■ Assignment: Quote all lines below exactly. Images stay out.

-------------------------

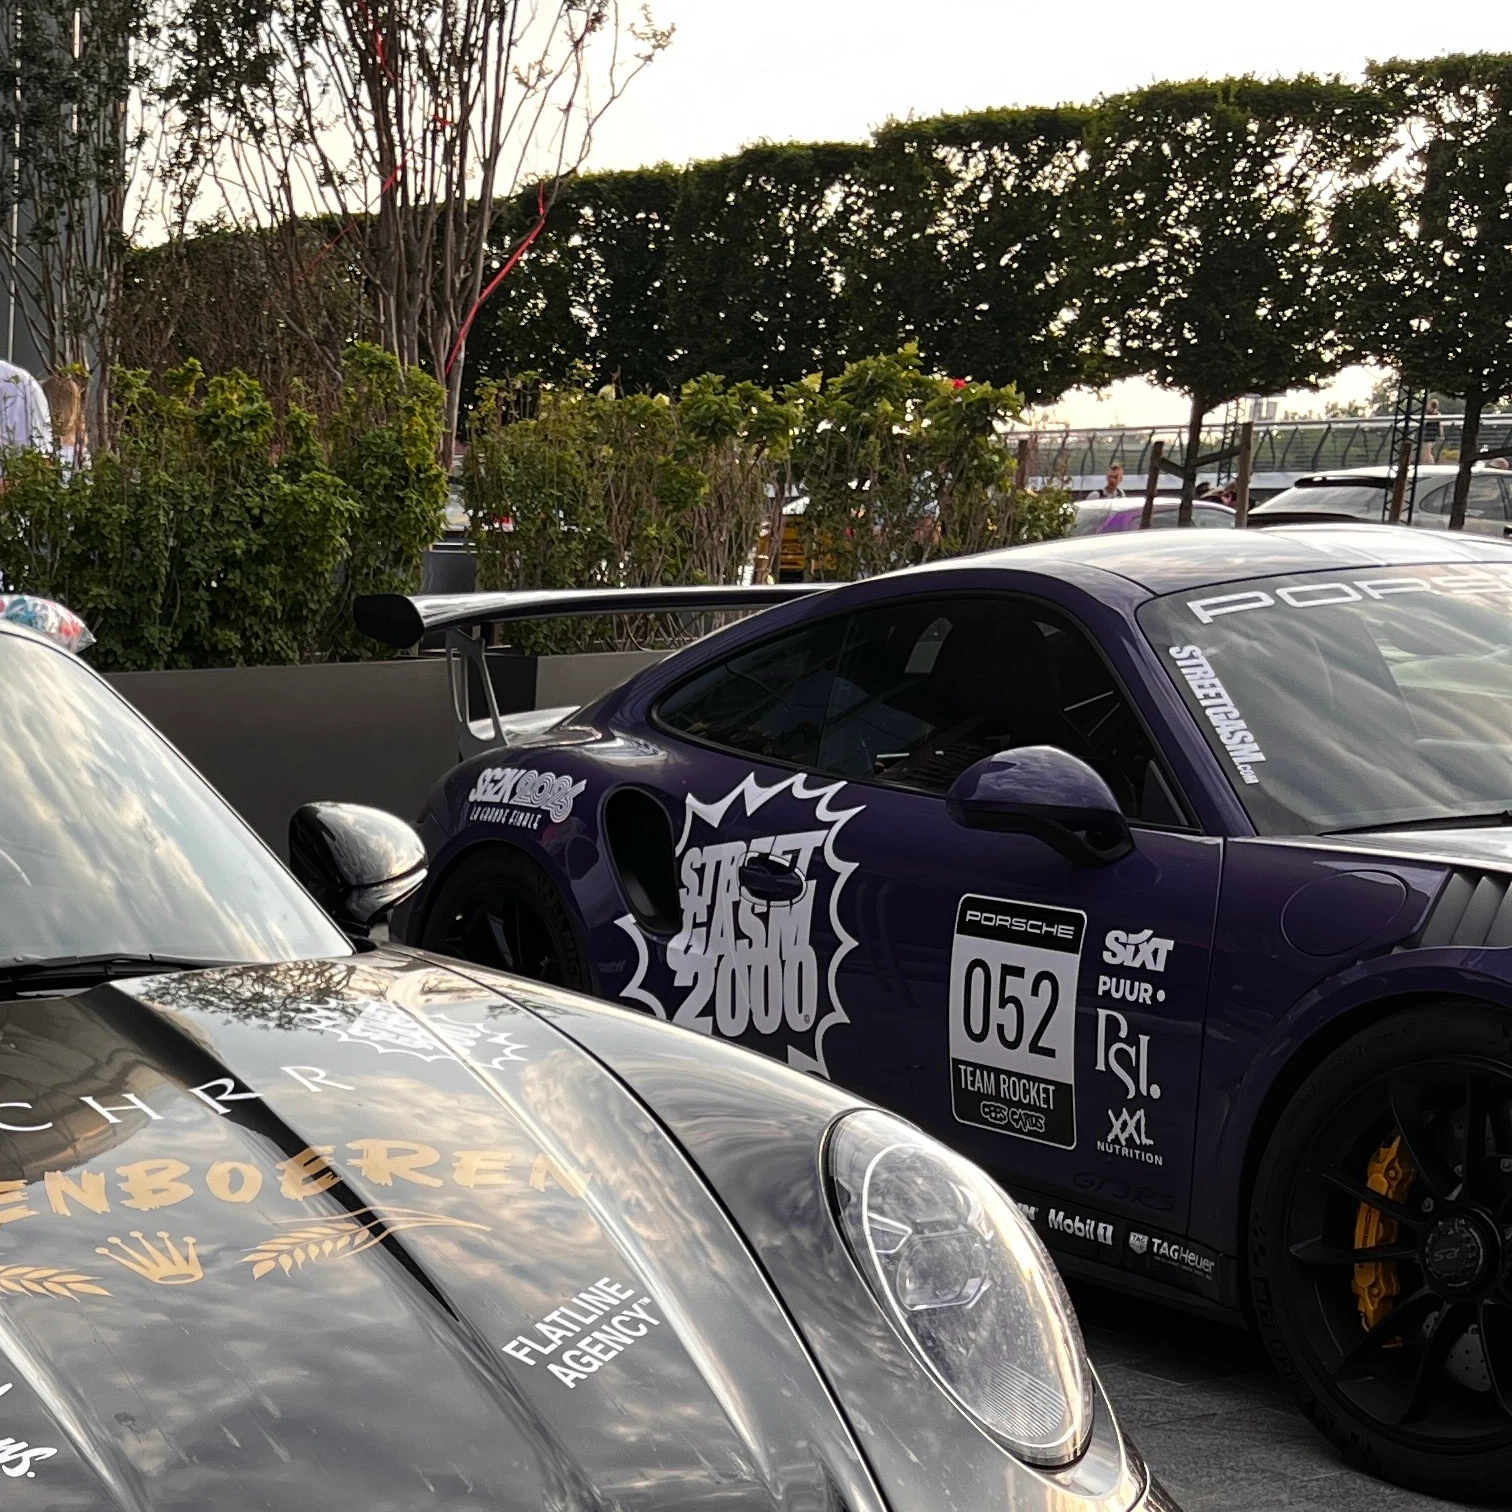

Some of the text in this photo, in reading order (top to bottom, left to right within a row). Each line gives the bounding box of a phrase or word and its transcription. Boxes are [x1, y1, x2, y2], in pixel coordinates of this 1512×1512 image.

[1187, 575, 1512, 625] PORS
[965, 910, 1075, 940] PORSCHE
[666, 942, 819, 1037] 2000
[963, 958, 1060, 1060] 052
[958, 1064, 1056, 1110] TEAM ROCKET
[1106, 1107, 1154, 1147] XXL
[1096, 1140, 1164, 1166] NUTRITION
[1048, 1208, 1096, 1241] Mobil
[501, 1276, 636, 1366] FLATLINE
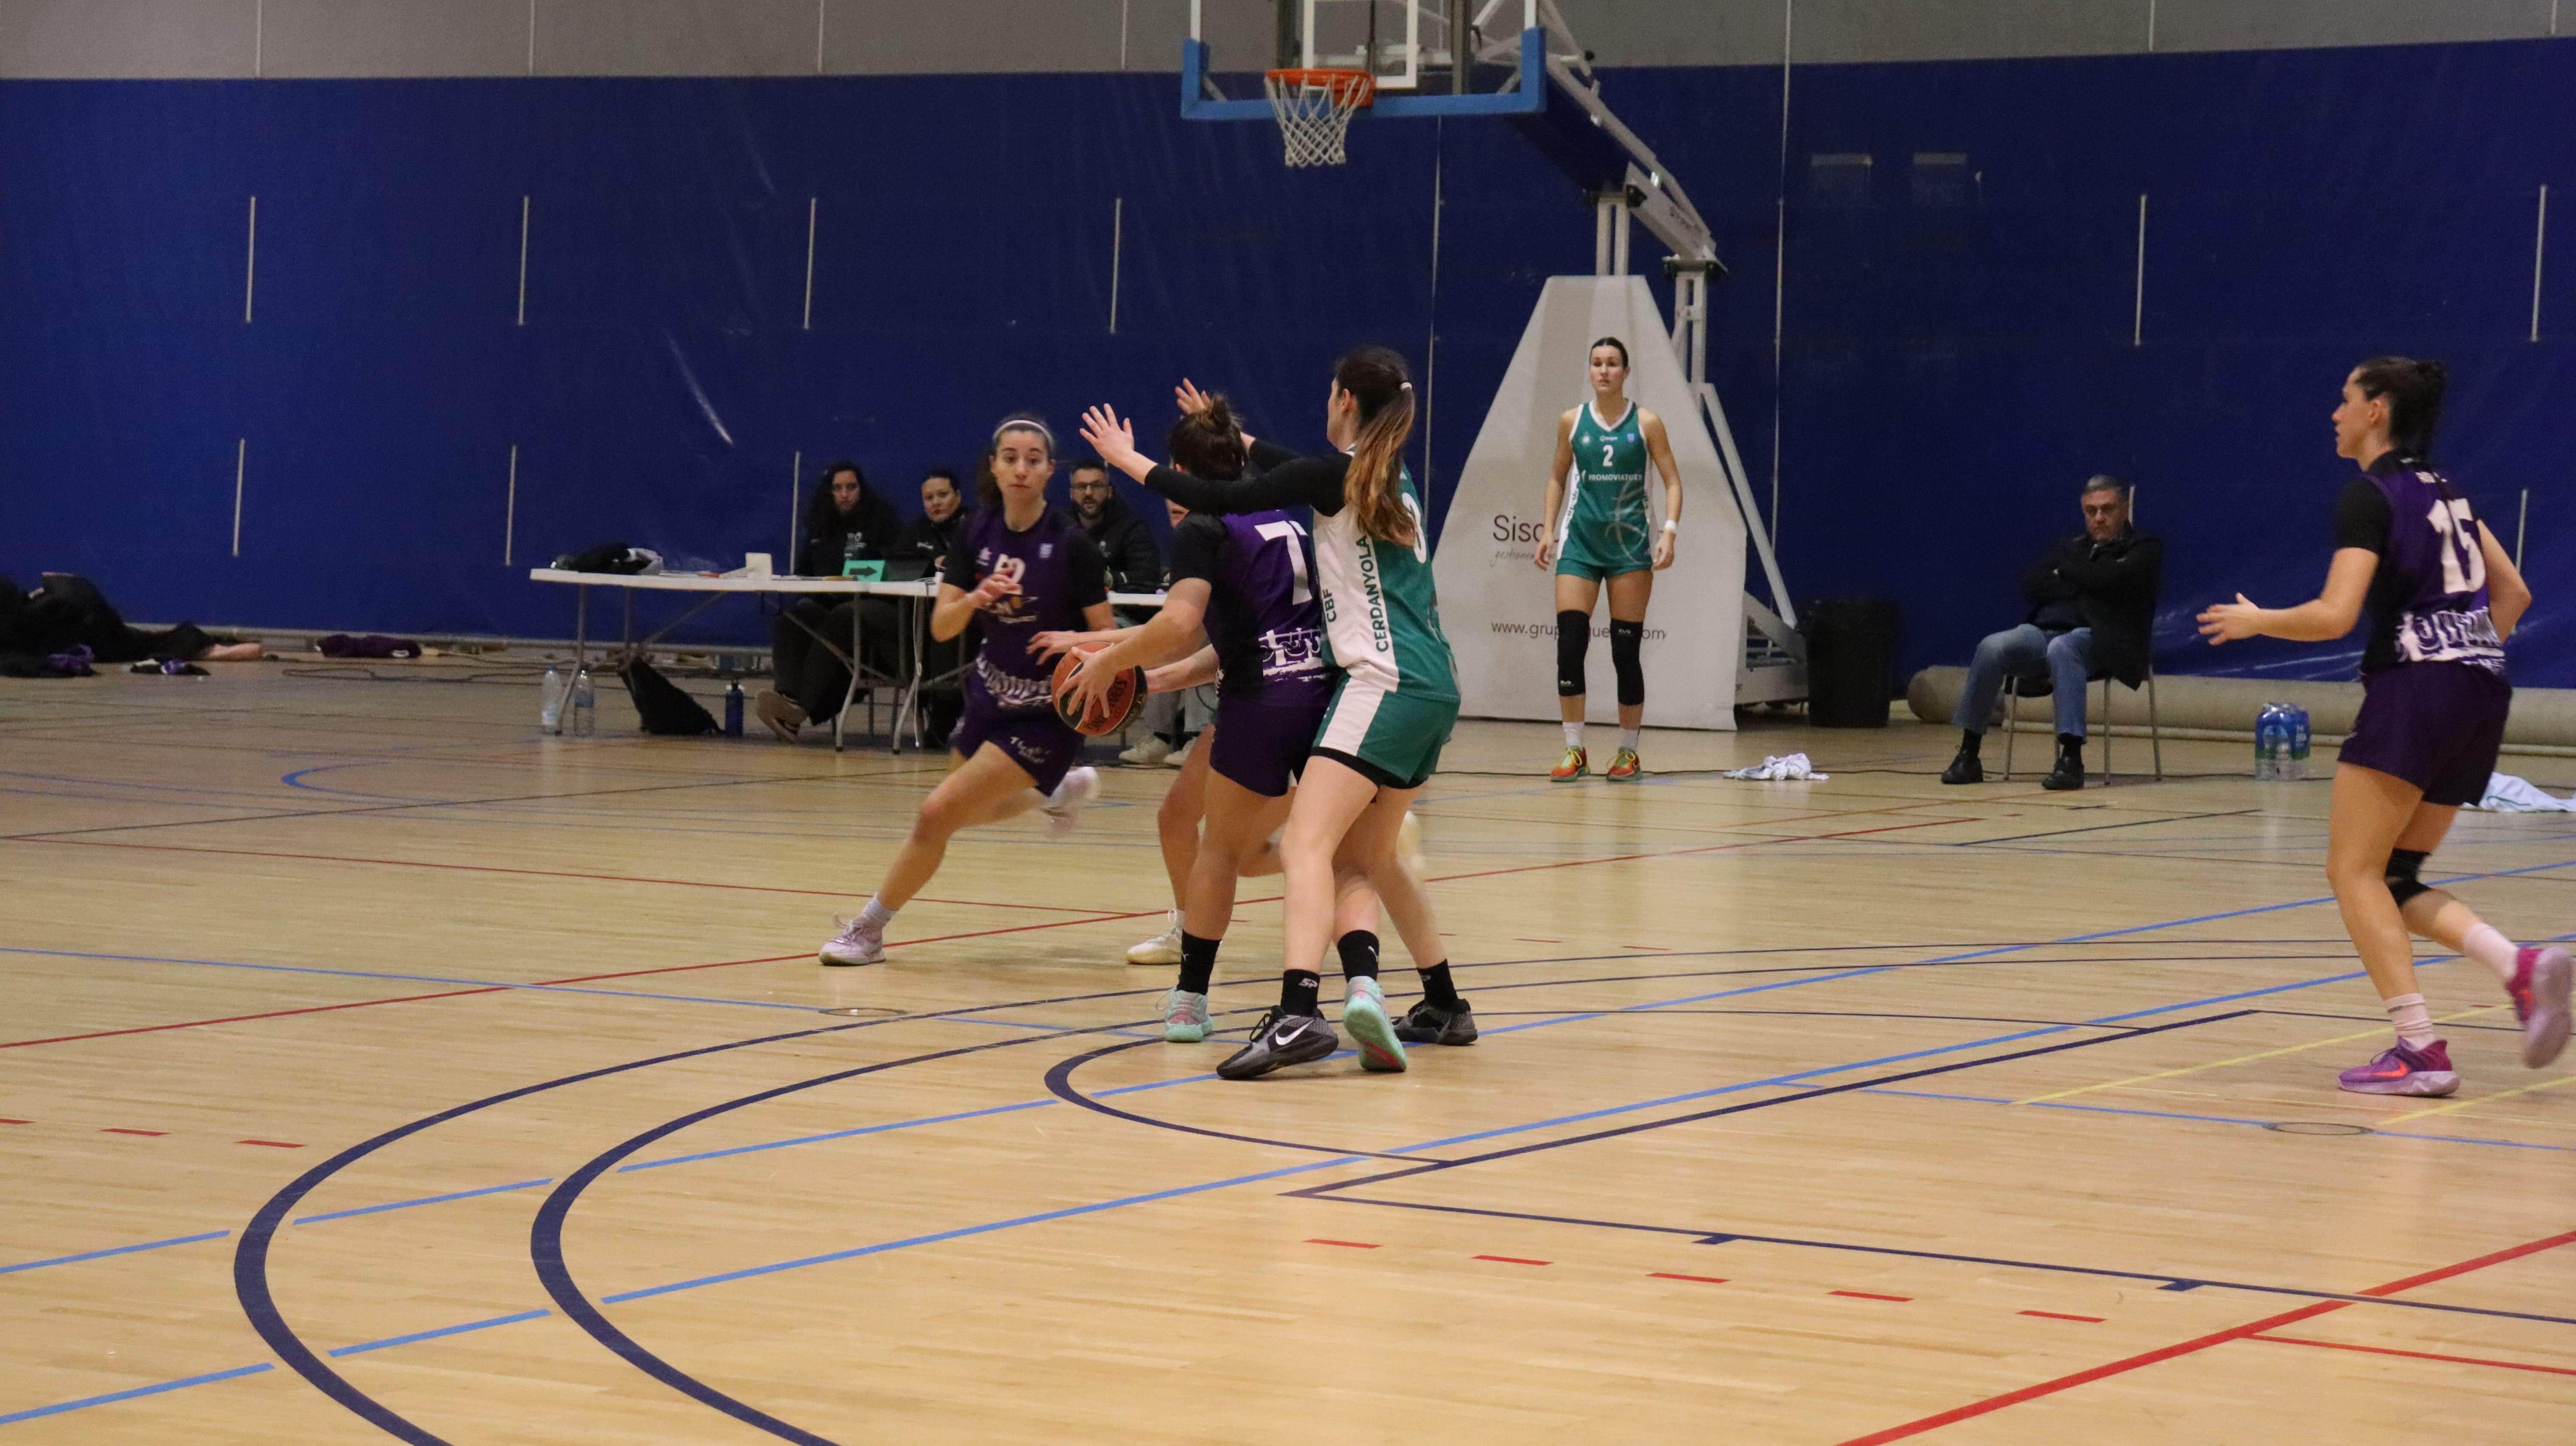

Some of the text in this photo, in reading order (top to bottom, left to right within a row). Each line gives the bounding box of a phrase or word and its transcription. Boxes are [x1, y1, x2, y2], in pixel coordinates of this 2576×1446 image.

[1602, 444, 1614, 467] 2
[2426, 498, 2486, 594] 15
[1322, 589, 1337, 623] CBF
[1356, 535, 1389, 652] CERDANYOLA

-------------------------

■ Reply to the exercise:
Some of the text in this photo, in reading order (top to bottom, left to right within a row). Each line gives the bounding box of a phrase or word and its transcription. Boxes are [x1, y1, x2, y2], in pixel coordinates of this 1512×1512 image.

[1187, 575, 1512, 625] PORS
[965, 910, 1075, 940] PORSCHE
[666, 942, 819, 1037] 2000
[963, 958, 1060, 1060] 052
[958, 1064, 1056, 1110] TEAM ROCKET
[1106, 1107, 1154, 1147] XXL
[1096, 1140, 1164, 1166] NUTRITION
[1048, 1208, 1096, 1241] Mobil
[501, 1276, 636, 1366] FLATLINE

Some of the text in this photo, in reading order (top to bottom, left to right within a row). Each line gives the bounding box of a phrase or word and its transcription. Boxes are [x1, y1, x2, y2], in pixel coordinates of this 2576×1446 image.

[1602, 444, 1614, 467] 2
[2426, 498, 2486, 594] 15
[1322, 589, 1337, 623] CBF
[1356, 535, 1389, 652] CERDANYOLA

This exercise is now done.